Task prompt:
Retyping the records exactly is the whole task.

________________

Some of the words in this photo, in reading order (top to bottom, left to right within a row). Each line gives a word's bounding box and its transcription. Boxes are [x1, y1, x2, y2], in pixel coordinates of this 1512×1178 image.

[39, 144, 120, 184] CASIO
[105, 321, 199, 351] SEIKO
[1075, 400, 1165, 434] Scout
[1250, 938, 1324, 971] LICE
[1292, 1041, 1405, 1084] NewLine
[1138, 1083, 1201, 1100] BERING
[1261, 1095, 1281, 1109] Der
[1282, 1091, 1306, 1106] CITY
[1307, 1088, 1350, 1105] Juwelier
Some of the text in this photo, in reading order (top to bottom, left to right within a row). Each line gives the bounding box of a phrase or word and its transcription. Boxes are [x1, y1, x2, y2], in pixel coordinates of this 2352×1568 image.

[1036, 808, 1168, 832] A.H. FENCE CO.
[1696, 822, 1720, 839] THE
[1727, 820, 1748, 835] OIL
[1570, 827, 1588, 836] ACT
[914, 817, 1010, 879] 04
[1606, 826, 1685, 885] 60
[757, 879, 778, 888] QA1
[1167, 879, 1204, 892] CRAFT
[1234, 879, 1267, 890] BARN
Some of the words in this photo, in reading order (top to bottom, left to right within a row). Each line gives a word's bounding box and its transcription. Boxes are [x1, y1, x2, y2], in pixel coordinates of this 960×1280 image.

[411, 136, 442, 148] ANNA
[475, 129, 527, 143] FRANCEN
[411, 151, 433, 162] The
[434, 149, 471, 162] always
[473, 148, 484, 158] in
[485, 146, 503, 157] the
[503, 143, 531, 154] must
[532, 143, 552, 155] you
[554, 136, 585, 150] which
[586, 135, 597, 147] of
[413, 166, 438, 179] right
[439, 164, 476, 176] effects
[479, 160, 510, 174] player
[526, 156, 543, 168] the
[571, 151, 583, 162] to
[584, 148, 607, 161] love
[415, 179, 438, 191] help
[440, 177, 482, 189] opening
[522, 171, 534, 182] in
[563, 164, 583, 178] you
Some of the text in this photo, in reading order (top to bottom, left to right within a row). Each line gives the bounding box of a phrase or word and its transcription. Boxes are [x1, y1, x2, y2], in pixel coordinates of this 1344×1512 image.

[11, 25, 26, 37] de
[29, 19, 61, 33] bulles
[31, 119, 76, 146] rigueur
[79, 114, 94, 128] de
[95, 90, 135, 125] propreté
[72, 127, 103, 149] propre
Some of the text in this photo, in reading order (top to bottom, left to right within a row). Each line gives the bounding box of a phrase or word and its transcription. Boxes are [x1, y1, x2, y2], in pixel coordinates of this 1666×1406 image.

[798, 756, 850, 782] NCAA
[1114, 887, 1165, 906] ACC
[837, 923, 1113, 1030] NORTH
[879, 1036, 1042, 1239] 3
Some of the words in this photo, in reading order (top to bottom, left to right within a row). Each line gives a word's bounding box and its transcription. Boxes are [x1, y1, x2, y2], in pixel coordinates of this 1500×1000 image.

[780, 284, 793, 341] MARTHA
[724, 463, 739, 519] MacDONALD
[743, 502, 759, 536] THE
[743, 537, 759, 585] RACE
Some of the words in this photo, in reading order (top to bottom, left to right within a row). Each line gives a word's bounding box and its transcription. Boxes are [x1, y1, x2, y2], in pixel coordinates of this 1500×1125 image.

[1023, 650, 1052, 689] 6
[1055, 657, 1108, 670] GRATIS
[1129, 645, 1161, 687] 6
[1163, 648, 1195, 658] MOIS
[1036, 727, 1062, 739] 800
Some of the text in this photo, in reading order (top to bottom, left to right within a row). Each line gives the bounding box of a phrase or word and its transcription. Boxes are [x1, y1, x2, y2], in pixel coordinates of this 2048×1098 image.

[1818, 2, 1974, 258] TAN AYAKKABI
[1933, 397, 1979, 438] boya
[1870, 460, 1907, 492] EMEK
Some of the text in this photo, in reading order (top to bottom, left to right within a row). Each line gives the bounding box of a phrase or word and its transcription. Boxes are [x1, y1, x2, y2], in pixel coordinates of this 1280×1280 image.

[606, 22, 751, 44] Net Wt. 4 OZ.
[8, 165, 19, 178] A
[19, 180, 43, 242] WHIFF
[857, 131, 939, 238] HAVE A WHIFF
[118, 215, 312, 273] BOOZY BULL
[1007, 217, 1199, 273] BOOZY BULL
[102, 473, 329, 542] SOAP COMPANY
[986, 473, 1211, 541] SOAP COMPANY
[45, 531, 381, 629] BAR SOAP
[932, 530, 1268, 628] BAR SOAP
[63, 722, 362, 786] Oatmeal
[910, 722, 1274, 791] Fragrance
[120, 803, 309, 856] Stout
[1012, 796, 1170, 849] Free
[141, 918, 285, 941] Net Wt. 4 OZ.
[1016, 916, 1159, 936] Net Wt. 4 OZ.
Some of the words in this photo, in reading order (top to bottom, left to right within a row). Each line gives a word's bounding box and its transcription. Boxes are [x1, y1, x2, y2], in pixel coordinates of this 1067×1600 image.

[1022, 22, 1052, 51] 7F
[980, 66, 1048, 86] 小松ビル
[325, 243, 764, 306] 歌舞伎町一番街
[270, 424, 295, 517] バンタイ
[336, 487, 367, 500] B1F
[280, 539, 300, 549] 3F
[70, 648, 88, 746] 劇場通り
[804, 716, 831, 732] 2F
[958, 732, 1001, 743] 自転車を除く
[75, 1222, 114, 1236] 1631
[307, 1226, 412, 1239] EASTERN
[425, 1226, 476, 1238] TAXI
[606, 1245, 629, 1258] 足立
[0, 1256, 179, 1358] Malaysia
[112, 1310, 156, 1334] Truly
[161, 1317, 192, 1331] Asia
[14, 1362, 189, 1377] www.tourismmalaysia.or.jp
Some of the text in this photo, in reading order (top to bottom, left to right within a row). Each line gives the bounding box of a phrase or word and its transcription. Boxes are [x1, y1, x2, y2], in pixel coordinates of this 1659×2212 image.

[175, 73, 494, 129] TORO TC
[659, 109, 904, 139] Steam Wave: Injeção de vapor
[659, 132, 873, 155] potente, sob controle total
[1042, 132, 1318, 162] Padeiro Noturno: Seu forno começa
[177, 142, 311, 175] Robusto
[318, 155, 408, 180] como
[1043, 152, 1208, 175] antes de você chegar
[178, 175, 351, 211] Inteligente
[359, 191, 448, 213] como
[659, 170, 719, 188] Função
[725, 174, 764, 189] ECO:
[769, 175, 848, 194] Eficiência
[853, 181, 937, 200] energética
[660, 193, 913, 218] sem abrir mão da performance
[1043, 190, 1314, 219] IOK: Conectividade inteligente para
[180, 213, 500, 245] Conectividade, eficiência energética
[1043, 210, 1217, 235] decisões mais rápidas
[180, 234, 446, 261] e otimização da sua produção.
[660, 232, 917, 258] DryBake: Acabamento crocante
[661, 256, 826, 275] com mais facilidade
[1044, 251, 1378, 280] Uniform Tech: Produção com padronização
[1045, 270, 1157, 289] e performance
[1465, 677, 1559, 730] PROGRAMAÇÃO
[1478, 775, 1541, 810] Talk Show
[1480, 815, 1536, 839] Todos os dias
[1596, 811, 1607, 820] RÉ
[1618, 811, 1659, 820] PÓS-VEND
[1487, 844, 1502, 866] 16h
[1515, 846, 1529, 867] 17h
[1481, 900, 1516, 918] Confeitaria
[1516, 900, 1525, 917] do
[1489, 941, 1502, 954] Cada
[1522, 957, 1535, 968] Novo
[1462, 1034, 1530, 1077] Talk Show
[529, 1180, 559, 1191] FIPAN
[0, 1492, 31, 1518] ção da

________________

Response to this task:
Some of the words in this photo, in reading order (top to bottom, left to right within a row). Each line gives a word's bounding box and its transcription. Boxes are [x1, y1, x2, y2], in pixel coordinates of this 1512×1178 image.

[39, 144, 120, 184] CASIO
[105, 321, 199, 351] SEIKO
[1075, 400, 1165, 434] Scout
[1250, 938, 1324, 971] LICE
[1292, 1041, 1405, 1084] NewLine
[1138, 1083, 1201, 1100] BERING
[1261, 1095, 1281, 1109] Der
[1282, 1091, 1306, 1106] CITY
[1307, 1088, 1350, 1105] Juwelier
Some of the text in this photo, in reading order (top to bottom, left to right within a row). Each line gives the bounding box of a phrase or word and its transcription. Boxes are [x1, y1, x2, y2], in pixel coordinates of this 2352×1568 image.

[1036, 808, 1168, 832] A.H. FENCE CO.
[1696, 822, 1720, 839] THE
[1727, 820, 1748, 835] OIL
[1570, 827, 1588, 836] ACT
[914, 817, 1010, 879] 04
[1606, 826, 1685, 885] 60
[757, 879, 778, 888] QA1
[1167, 879, 1204, 892] CRAFT
[1234, 879, 1267, 890] BARN
Some of the words in this photo, in reading order (top to bottom, left to right within a row). Each line gives a word's bounding box and its transcription. Boxes are [x1, y1, x2, y2], in pixel coordinates of this 960×1280 image.

[411, 136, 442, 148] ANNA
[475, 129, 527, 143] FRANCEN
[411, 151, 433, 162] The
[434, 149, 471, 162] always
[473, 148, 484, 158] in
[485, 146, 503, 157] the
[503, 143, 531, 154] must
[532, 143, 552, 155] you
[554, 136, 585, 150] which
[586, 135, 597, 147] of
[413, 166, 438, 179] right
[439, 164, 476, 176] effects
[479, 160, 510, 174] player
[526, 156, 543, 168] the
[571, 151, 583, 162] to
[584, 148, 607, 161] love
[415, 179, 438, 191] help
[440, 177, 482, 189] opening
[522, 171, 534, 182] in
[563, 164, 583, 178] you
Some of the text in this photo, in reading order (top to bottom, left to right within a row). Each line gives the bounding box of a phrase or word and its transcription. Boxes are [x1, y1, x2, y2], in pixel coordinates of this 1344×1512 image.

[11, 25, 26, 37] de
[29, 19, 61, 33] bulles
[31, 119, 76, 146] rigueur
[79, 114, 94, 128] de
[95, 90, 135, 125] propreté
[72, 127, 103, 149] propre
Some of the text in this photo, in reading order (top to bottom, left to right within a row). Each line gives the bounding box of a phrase or word and its transcription. Boxes are [x1, y1, x2, y2], in pixel coordinates of this 1666×1406 image.

[798, 756, 850, 782] NCAA
[1114, 887, 1165, 906] ACC
[837, 923, 1113, 1030] NORTH
[879, 1036, 1042, 1239] 3
Some of the words in this photo, in reading order (top to bottom, left to right within a row). Each line gives a word's bounding box and its transcription. Boxes are [x1, y1, x2, y2], in pixel coordinates of this 1500×1000 image.

[780, 284, 793, 341] MARTHA
[724, 463, 739, 519] MacDONALD
[743, 502, 759, 536] THE
[743, 537, 759, 585] RACE
Some of the words in this photo, in reading order (top to bottom, left to right within a row). Each line gives a word's bounding box and its transcription. Boxes are [x1, y1, x2, y2], in pixel coordinates of this 1500×1125 image.

[1023, 650, 1052, 689] 6
[1055, 657, 1108, 670] GRATIS
[1129, 645, 1161, 687] 6
[1163, 648, 1195, 658] MOIS
[1036, 727, 1062, 739] 800
Some of the text in this photo, in reading order (top to bottom, left to right within a row). Each line gives the bounding box of a phrase or word and its transcription. Boxes are [x1, y1, x2, y2], in pixel coordinates of this 2048×1098 image.

[1818, 2, 1974, 258] TAN AYAKKABI
[1933, 397, 1979, 438] boya
[1870, 460, 1907, 492] EMEK
Some of the text in this photo, in reading order (top to bottom, left to right within a row). Each line gives the bounding box of a phrase or word and its transcription. Boxes are [x1, y1, x2, y2], in pixel coordinates of this 1280×1280 image.

[606, 22, 751, 44] Net Wt. 4 OZ.
[8, 165, 19, 178] A
[19, 180, 43, 242] WHIFF
[857, 131, 939, 238] HAVE A WHIFF
[118, 215, 312, 273] BOOZY BULL
[1007, 217, 1199, 273] BOOZY BULL
[102, 473, 329, 542] SOAP COMPANY
[986, 473, 1211, 541] SOAP COMPANY
[45, 531, 381, 629] BAR SOAP
[932, 530, 1268, 628] BAR SOAP
[63, 722, 362, 786] Oatmeal
[910, 722, 1274, 791] Fragrance
[120, 803, 309, 856] Stout
[1012, 796, 1170, 849] Free
[141, 918, 285, 941] Net Wt. 4 OZ.
[1016, 916, 1159, 936] Net Wt. 4 OZ.
Some of the words in this photo, in reading order (top to bottom, left to right within a row). Each line gives a word's bounding box and its transcription. Boxes are [x1, y1, x2, y2], in pixel coordinates of this 1067×1600 image.

[1022, 22, 1052, 51] 7F
[980, 66, 1048, 86] 小松ビル
[325, 243, 764, 306] 歌舞伎町一番街
[270, 424, 295, 517] バンタイ
[336, 487, 367, 500] B1F
[280, 539, 300, 549] 3F
[70, 648, 88, 746] 劇場通り
[804, 716, 831, 732] 2F
[958, 732, 1001, 743] 自転車を除く
[75, 1222, 114, 1236] 1631
[307, 1226, 412, 1239] EASTERN
[425, 1226, 476, 1238] TAXI
[606, 1245, 629, 1258] 足立
[0, 1256, 179, 1358] Malaysia
[112, 1310, 156, 1334] Truly
[161, 1317, 192, 1331] Asia
[14, 1362, 189, 1377] www.tourismmalaysia.or.jp
Some of the text in this photo, in reading order (top to bottom, left to right within a row). Each line gives the bounding box of a phrase or word and its transcription. Boxes are [x1, y1, x2, y2], in pixel coordinates of this 1659×2212 image.

[175, 73, 494, 129] TORO TC
[659, 109, 904, 139] Steam Wave: Injeção de vapor
[659, 132, 873, 155] potente, sob controle total
[1042, 132, 1318, 162] Padeiro Noturno: Seu forno começa
[177, 142, 311, 175] Robusto
[318, 155, 408, 180] como
[1043, 152, 1208, 175] antes de você chegar
[178, 175, 351, 211] Inteligente
[359, 191, 448, 213] como
[659, 170, 719, 188] Função
[725, 174, 764, 189] ECO:
[769, 175, 848, 194] Eficiência
[853, 181, 937, 200] energética
[660, 193, 913, 218] sem abrir mão da performance
[1043, 190, 1314, 219] IOK: Conectividade inteligente para
[180, 213, 500, 245] Conectividade, eficiência energética
[1043, 210, 1217, 235] decisões mais rápidas
[180, 234, 446, 261] e otimização da sua produção.
[660, 232, 917, 258] DryBake: Acabamento crocante
[661, 256, 826, 275] com mais facilidade
[1044, 251, 1378, 280] Uniform Tech: Produção com padronização
[1045, 270, 1157, 289] e performance
[1465, 677, 1559, 730] PROGRAMAÇÃO
[1478, 775, 1541, 810] Talk Show
[1480, 815, 1536, 839] Todos os dias
[1596, 811, 1607, 820] RÉ
[1618, 811, 1659, 820] PÓS-VEND
[1487, 844, 1502, 866] 16h
[1515, 846, 1529, 867] 17h
[1481, 900, 1516, 918] Confeitaria
[1516, 900, 1525, 917] do
[1489, 941, 1502, 954] Cada
[1522, 957, 1535, 968] Novo
[1462, 1034, 1530, 1077] Talk Show
[529, 1180, 559, 1191] FIPAN
[0, 1492, 31, 1518] ção da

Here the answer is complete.